A sensitive and specific study results from inoculation of the patient’s blood into a mouse, with subsequent demonstration of the organisms in the mouse’s blood. Blood stages of the trypanosomes can be cultured in a biphasic medium (blood-nutrient agar slant with an overlay of glucose-containing Locke’s solution) [Tobie et al., 1950], but this is best carried out in a reference laboratory.
Management
Suramin is recommended for patients who present with T. b. rhodesiense disease before the development of CNS disease. The drug is avoided in western and central Africa because, where Onchocerca spp. are also present, its high activity against these parasites can cause severe allergic reactions [Brun et al., 2010]. Pentamidine is the treatment of choice for first-stage disease caused by T. b. gambiense. In contrast, pentamidine treatment in intermediate-stage disease (defined as 10–20 white blood cells per μL CSF) does not appear to be effective, and is not generally recommended [Brun et al., 2010]. Pentamidine is reportedly less effective in treating rhodesiense than gambiense disease [Fairlamb, 2003]. Both drugs penetrate poorly across the blood–brain barrier into the CNS, making them ineffective in late-stage disease, and both have serious side effects. The following drugs and dosages are recommended for pediatric patients: for suramin, 20 mg/kg on days 1, 3, 7, 14, and 21; for pentamidine, 4 mg/kg/day intramuscularly for 10 days [Medical Letter, 2004].
A more recent alternative that is apparently less toxic and perhaps more effective is difluoromethylornithine (eflornithine) for both early- and late-stage disease [Doua and Boa Yapo, 1994; Fairlamb, 2003]. Difluoromethylornithine is not available in the United States but can be obtained through the World Health Organization [Medical Letter, 2004]. Recommended dosage is 400 mg/kg/day intravenously in four divided doses for 14 days [Fairlamb, 2003; Medical Letter, 2004]. Difluoromethylornithine is effective against the gambiense but not the rhodesiense form of the disease.
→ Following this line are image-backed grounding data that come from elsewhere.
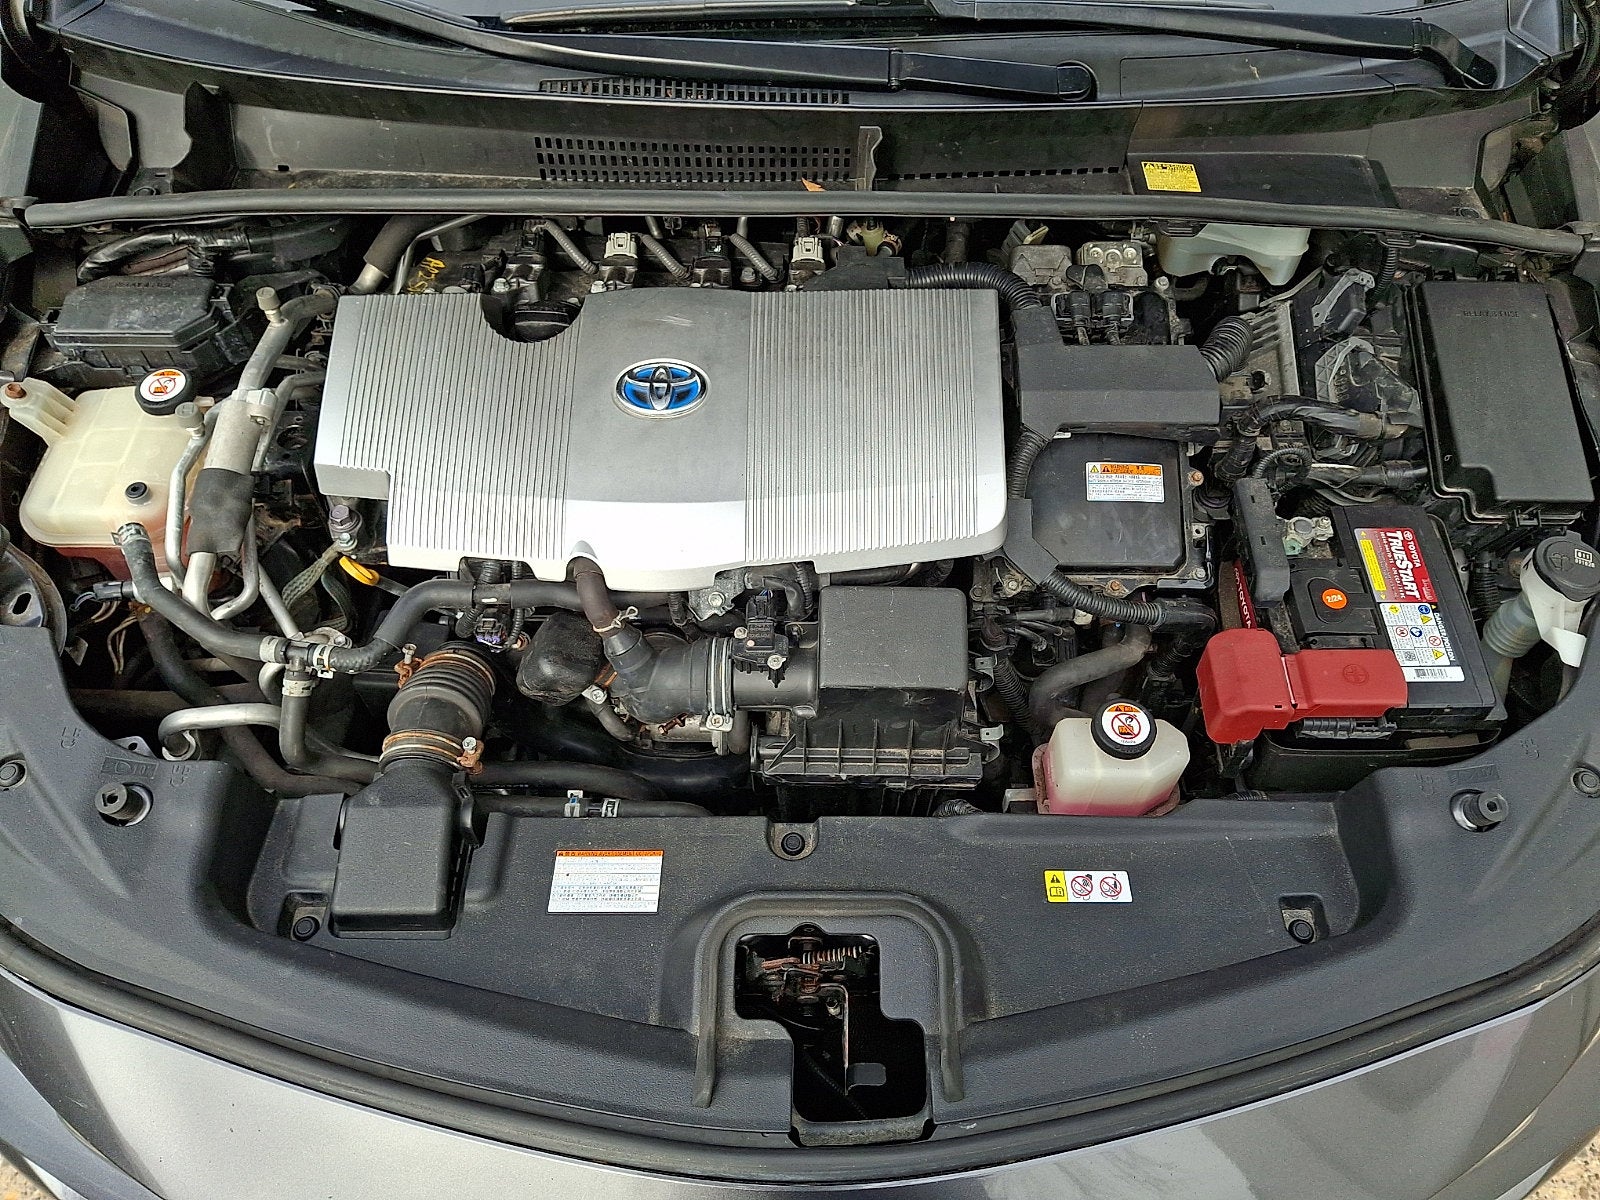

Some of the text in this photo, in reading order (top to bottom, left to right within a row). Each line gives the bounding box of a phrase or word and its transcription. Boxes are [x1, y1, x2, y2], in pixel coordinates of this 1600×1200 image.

[1407, 541, 1421, 567] TOYOTA
[1238, 583, 1251, 628] TOYOTA
[1326, 594, 1343, 603] 2/24
[1434, 612, 1456, 661] DANGER/POISON
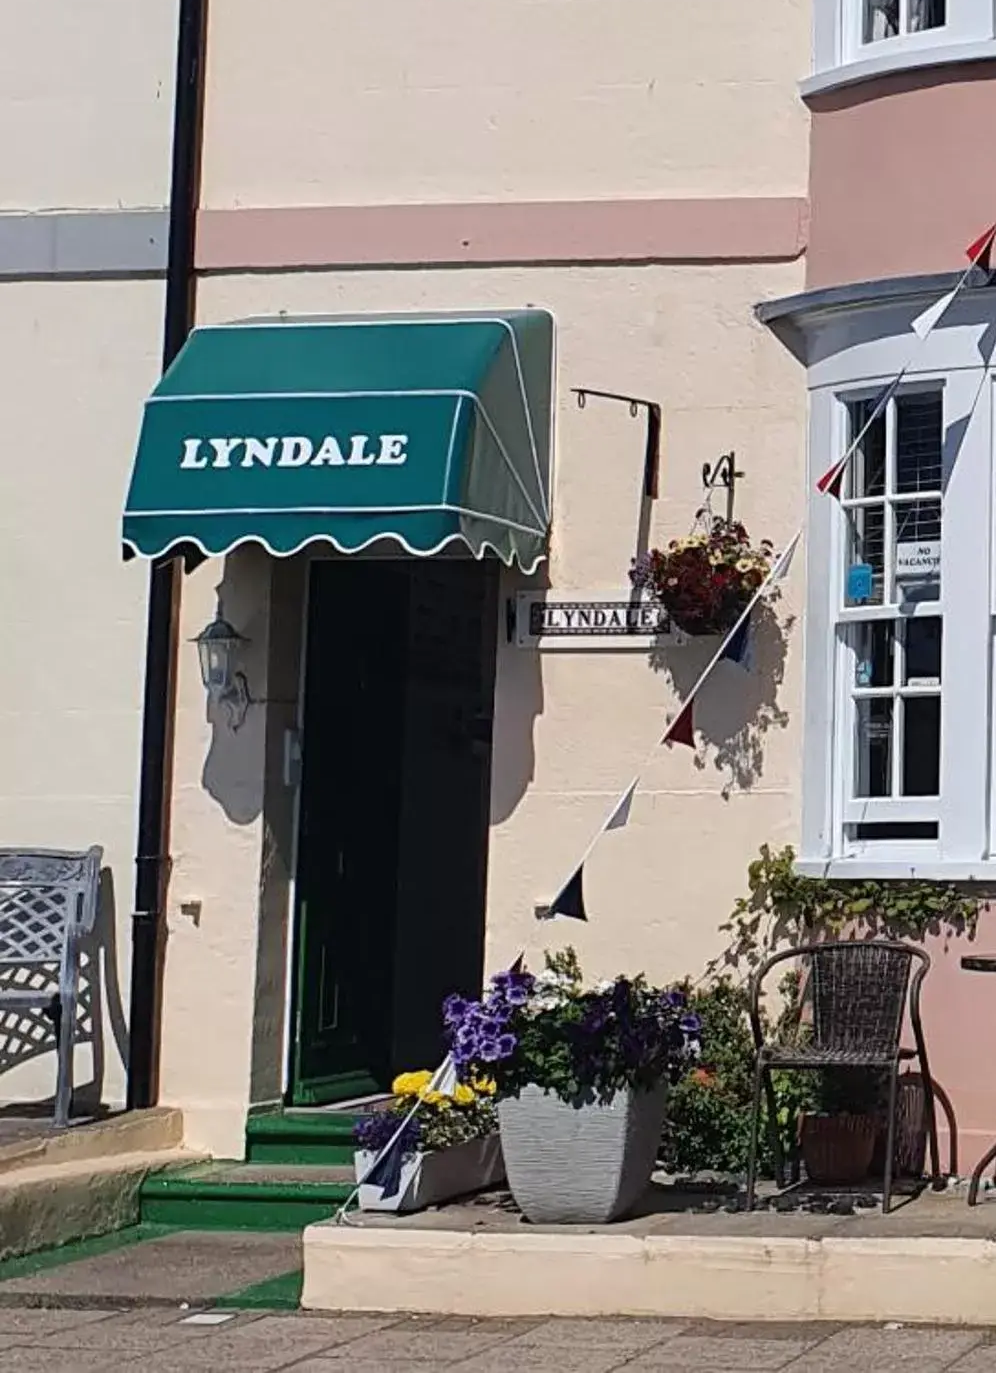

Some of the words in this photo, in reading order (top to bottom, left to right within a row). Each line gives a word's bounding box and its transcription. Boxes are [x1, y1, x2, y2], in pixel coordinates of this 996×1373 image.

[180, 434, 408, 469] LYNDALE
[917, 547, 931, 555] NO
[547, 609, 652, 627] LYNDALE
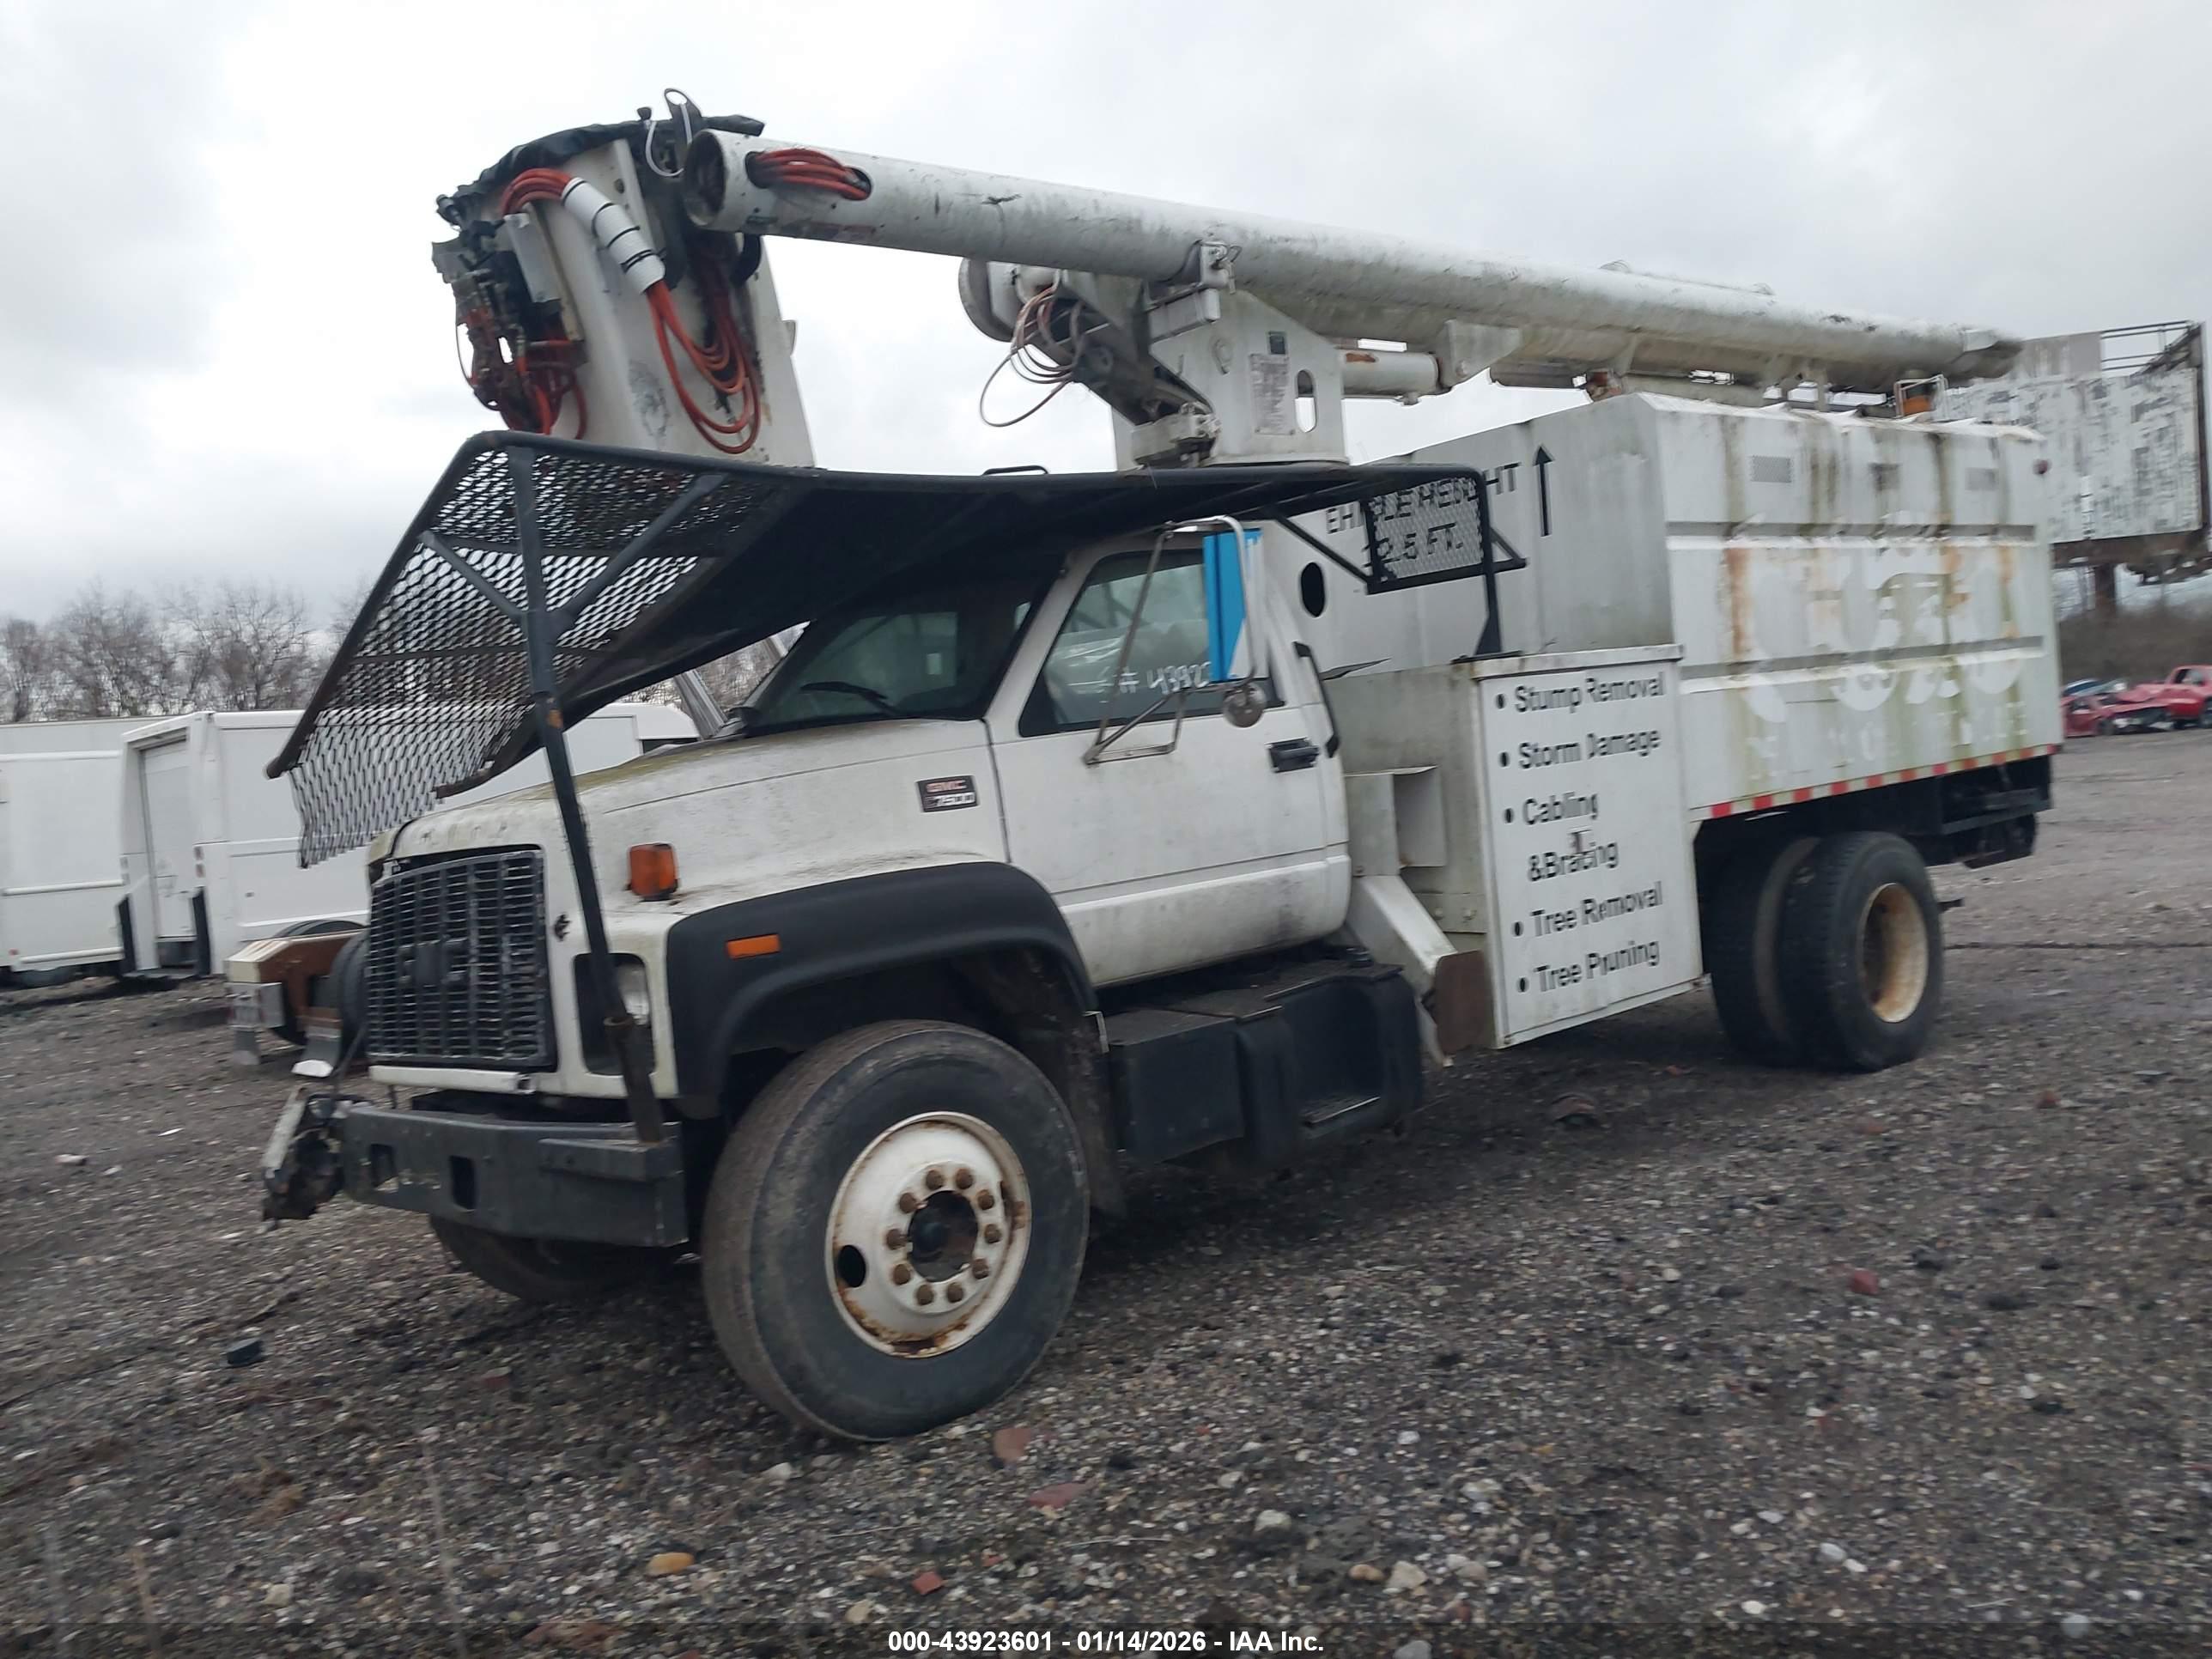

Synergy has been found in combining suramin with eflornithine [Fairlamb, 2003].
In late stages of the disease, melarsoprol is recommended and is administered intravenously (for pediatric patients, the initial dose is 0.36 mg/kg, increasing to a maximum of 3.6 mg/kg at intervals of 1–5 days for a total of 9 or 10 doses, for a total of 18–25 mg/kg over 1 month) [Medical Letter, 2004]. The drug can cross the blood–brain barrier. It is effective against both forms of trypanosomiasis. However, adverse reactions are frequent and can be life-threatening. The most important reaction is an encephalopathic syndrome associated with increased intracranial pressure, which occurs in an average of 4.7 percent of T. b. gambiense and 8 percent of T. b. rhodesiense patients, with a case fatality rate of 44 percent and 57 percent respectively. Administration of corticosteroids (prednisolone) and diazepam can lessen the likelihood of post-treatment sequelae and prevent arsenical encephalopathy [Pepin et al., 1995]. Other serious side effects include seizures, psychosis and coma, skin reactions, and peripheral neuropathies. The clinician must be aware of the side effects of these drugs before therapy is initiated, and gradual increase in dosage is advised [Medical Letter, 2004; Seidel, 1985b]. Nifurtimox, used in treating Chagas’ disease, has also been employed in late-stage disease, when other late-stage antimicrobials are ineffective. After successful treatment, all patients need to be followed up with blood and CSF analysis at 6-month intervals for 2 years, after which the patient is considered cured. Detection of intrathecal IgM suggests treatment failure [Kennedy, 2008].